Phrase grounding data:
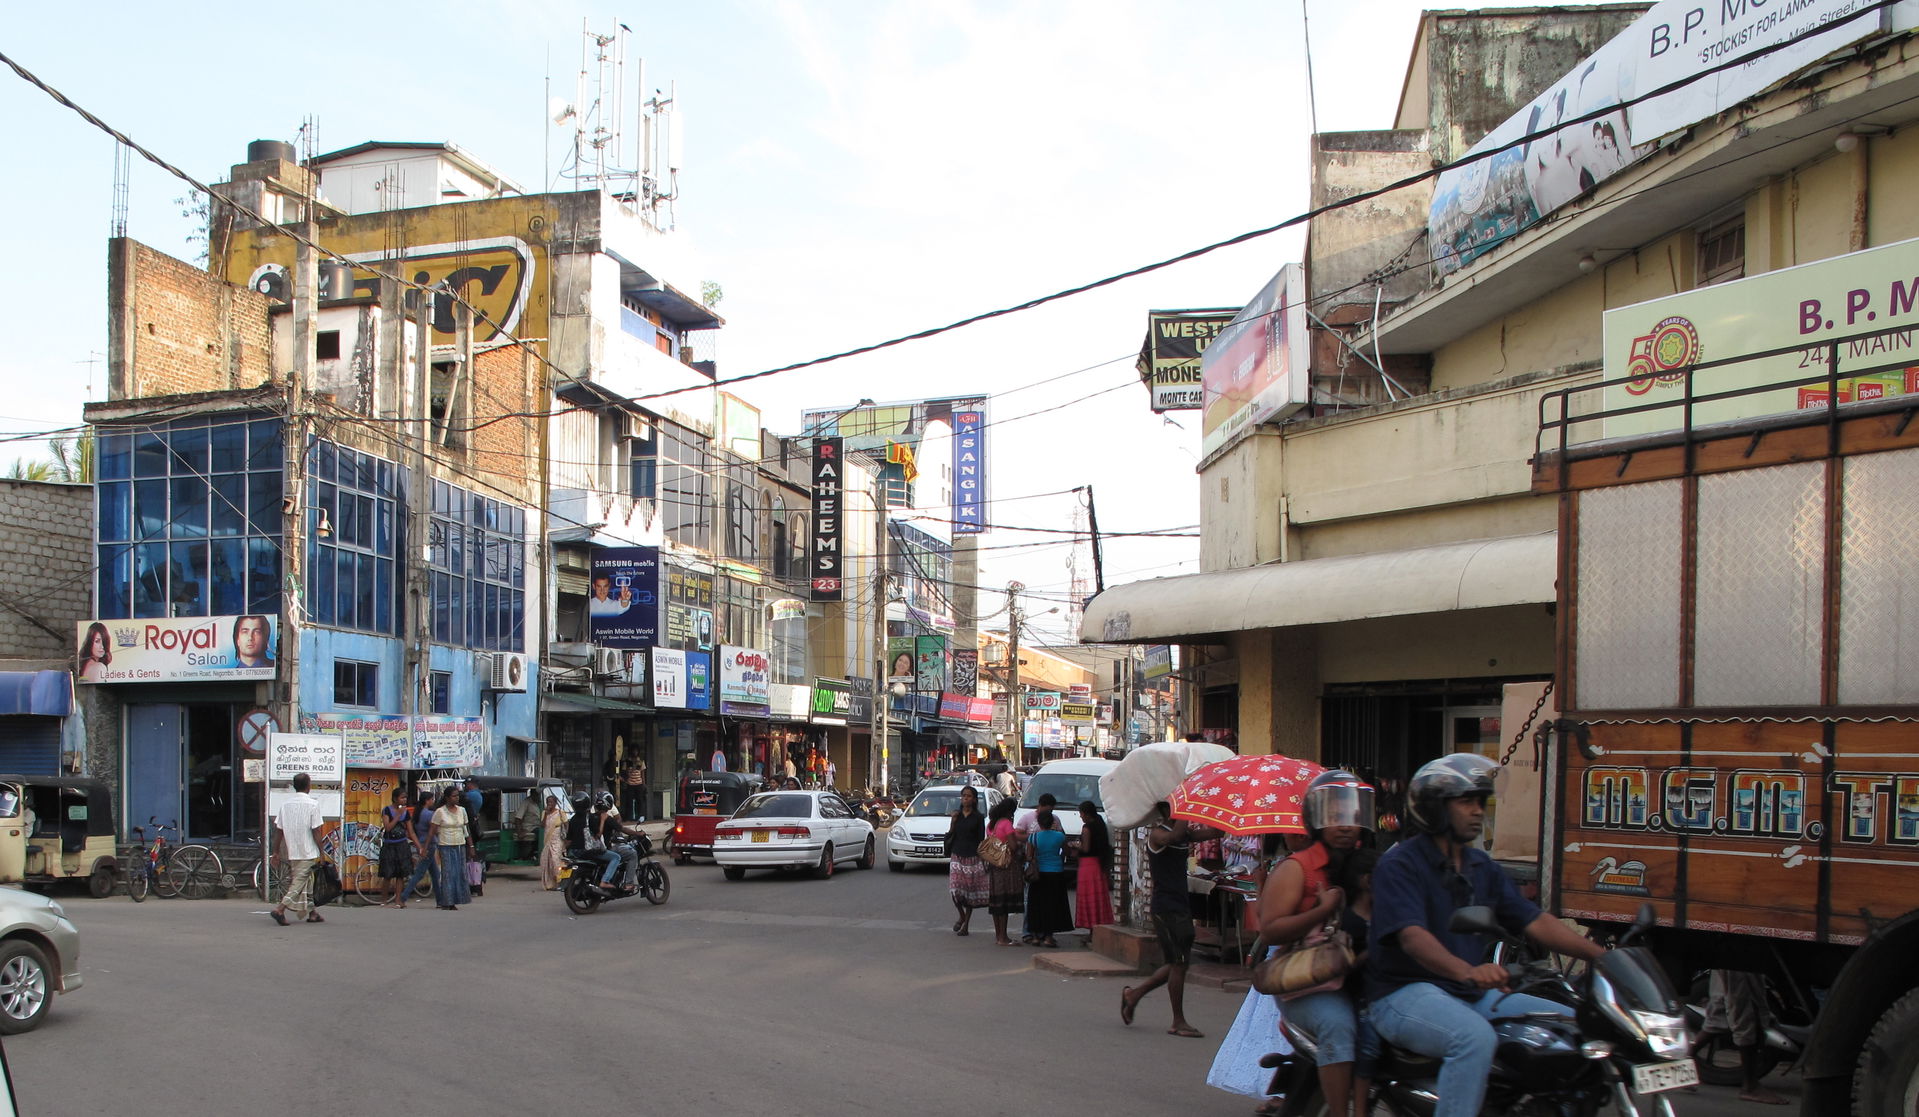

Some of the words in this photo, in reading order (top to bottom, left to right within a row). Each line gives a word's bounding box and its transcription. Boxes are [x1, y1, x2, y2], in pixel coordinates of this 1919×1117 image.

[1755, 15, 1777, 39] FOR
[1799, 299, 1834, 335] B.
[1847, 288, 1876, 326] P.
[1662, 317, 1680, 328] YEARS
[1680, 318, 1689, 327] OF
[1849, 330, 1912, 359] MAIN
[1159, 391, 1187, 405] MONTE
[961, 425, 976, 530] ASANGIKA
[816, 444, 837, 570] RAHEEMS
[595, 560, 632, 568] SAMSUNG
[817, 579, 836, 590] 23
[144, 622, 217, 654] Royal
[187, 653, 227, 666] Salon
[655, 655, 668, 664] ASWIN
[668, 656, 683, 666] MOBILE
[100, 670, 127, 679] Ladies
[128, 669, 134, 678] &
[136, 668, 161, 678] Gents

_Exercise_
The entries above need to be transcribed exactly, with the images left out.

_Solution for this problem_
Some of the words in this photo, in reading order (top to bottom, left to right within a row). Each line gives a word's bounding box and its transcription. Boxes are [x1, y1, x2, y2], in pixel coordinates of this 1919×1117 image.

[1755, 15, 1777, 39] FOR
[1799, 299, 1834, 335] B.
[1847, 288, 1876, 326] P.
[1662, 317, 1680, 328] YEARS
[1680, 318, 1689, 327] OF
[1849, 330, 1912, 359] MAIN
[1159, 391, 1187, 405] MONTE
[961, 425, 976, 530] ASANGIKA
[816, 444, 837, 570] RAHEEMS
[595, 560, 632, 568] SAMSUNG
[817, 579, 836, 590] 23
[144, 622, 217, 654] Royal
[187, 653, 227, 666] Salon
[655, 655, 668, 664] ASWIN
[668, 656, 683, 666] MOBILE
[100, 670, 127, 679] Ladies
[128, 669, 134, 678] &
[136, 668, 161, 678] Gents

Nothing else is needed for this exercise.